Metaverse investments are a bit more obscure. Semiconductor and software companies like NVidia create the hardware necessary to power the Metaverse. Unity (public) and Epic Games (private, but 40% owned by Tencent, which is public) are two Metaverse rendering companies that help design and control “physical” properties of the Metaverse. Even Toast, which IPO’d yesterday, could help bridge the restaurant payment systems into an online web of information and consumer profiles that resembles some form of Metaverse. Facebook has spent the last few years gearing up to be a leader in metaverse software. Apple will eventually supply AR glasses to view the Metaverse. The important thing here is that the Metaverse can expand indefinitely. There are no limitations on production or consumption within a virtual world.

Investing in Chinese companies

I’m looking forward to reading Jacob Helberg’s upcoming book, “The Wires of War: Technology and the Global Struggle for Power,” available on Oct 12th. Jacob Helberg is a senior advisor at the Stanford Center on Geopolitics and Technology and was formerly in charge of Google’s efforts to combat disinformation and foreign interference. As the title of the book hints, technology is the critical player in the next phase of global superpowers.

The Chinese Communist Party has demonstrated that it would like to maintain its grip over major tech forces like Alibaba, JD, Tencent, Ant Financial, and Jack Ma at all costs. The regulatory crackdown has cost hundreds of billions of dollars in lost market cap. This loss drives away global investors and reduces venture capital activity as entrepreneurs would prefer to test and innovate within free markets where they are not under the current and future thumb of the CCP. The US innovation market is now even more attractive by comparison.

Amid China’s tech regulatory crackdown, the Evergrande bankruptcy story has taken over the imagination of journalists. China’s Evergrande bankruptcy, as bad as it is, is not an existential threat because it is a problem that can be solved via bailout. Existential threats, like Covid or climate change, are not so simple and cannot be instantaneously solved with money. Existential threats deserve careful consideration. Fortunately, Evergrande presents a financial issue, not an existential issue.

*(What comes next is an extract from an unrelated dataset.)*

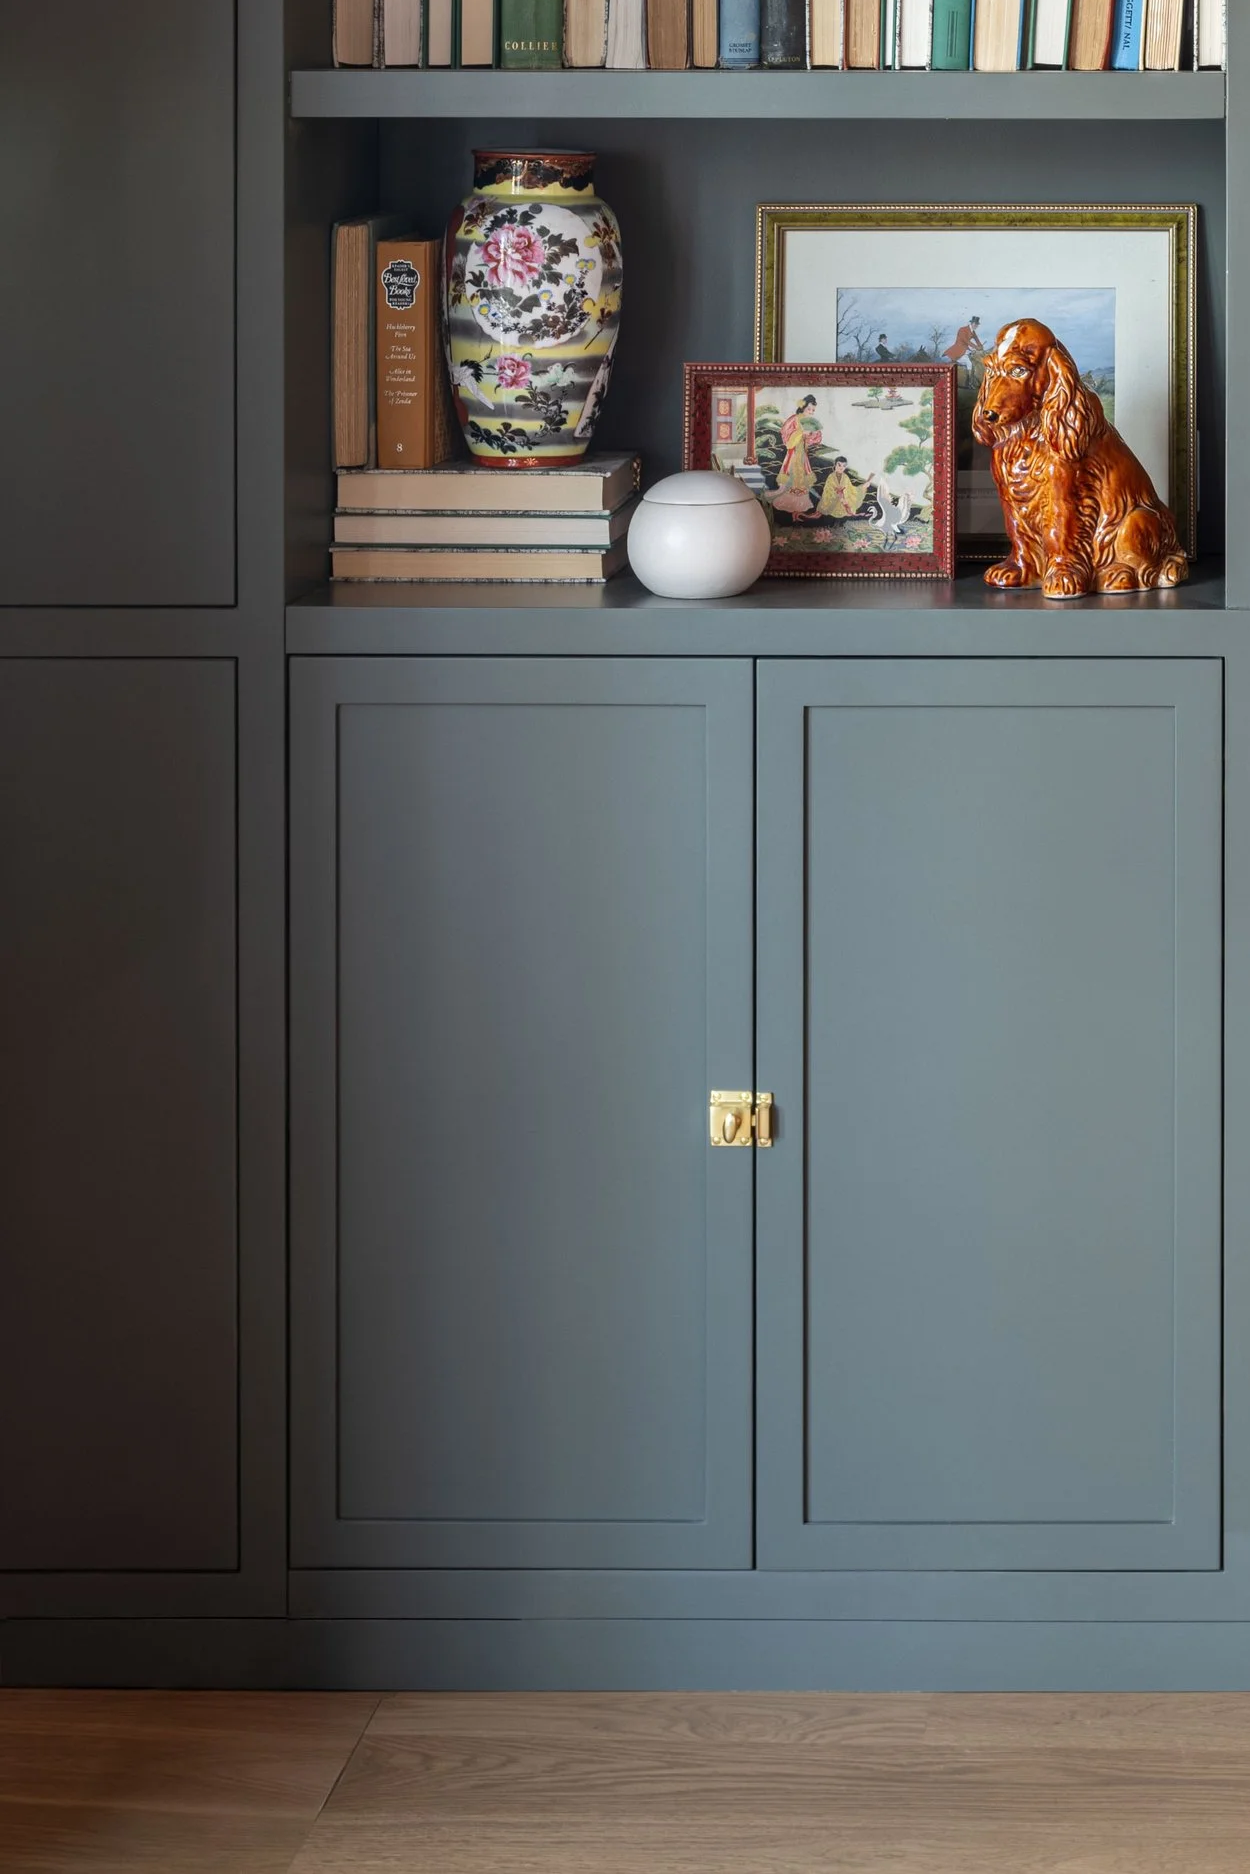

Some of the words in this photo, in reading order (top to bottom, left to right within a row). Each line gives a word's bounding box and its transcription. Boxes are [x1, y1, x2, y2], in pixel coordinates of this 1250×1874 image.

[389, 286, 412, 297] Books
[386, 323, 416, 332] Huckleberry
[397, 443, 403, 452] 8

Many investors are passionate about their stance on China. That ranges from “never-China” to “China’s future dominance is inevitable.” Presently it’s hard to think that the anti-Chinese market sentiment could get any worse. If ever there was a time to buy discounted Chinese tech companies, it would be now. Whether it’s this current technology cohort or a new crop of emergent players given the stamp of approval by the CCP remains to be seen.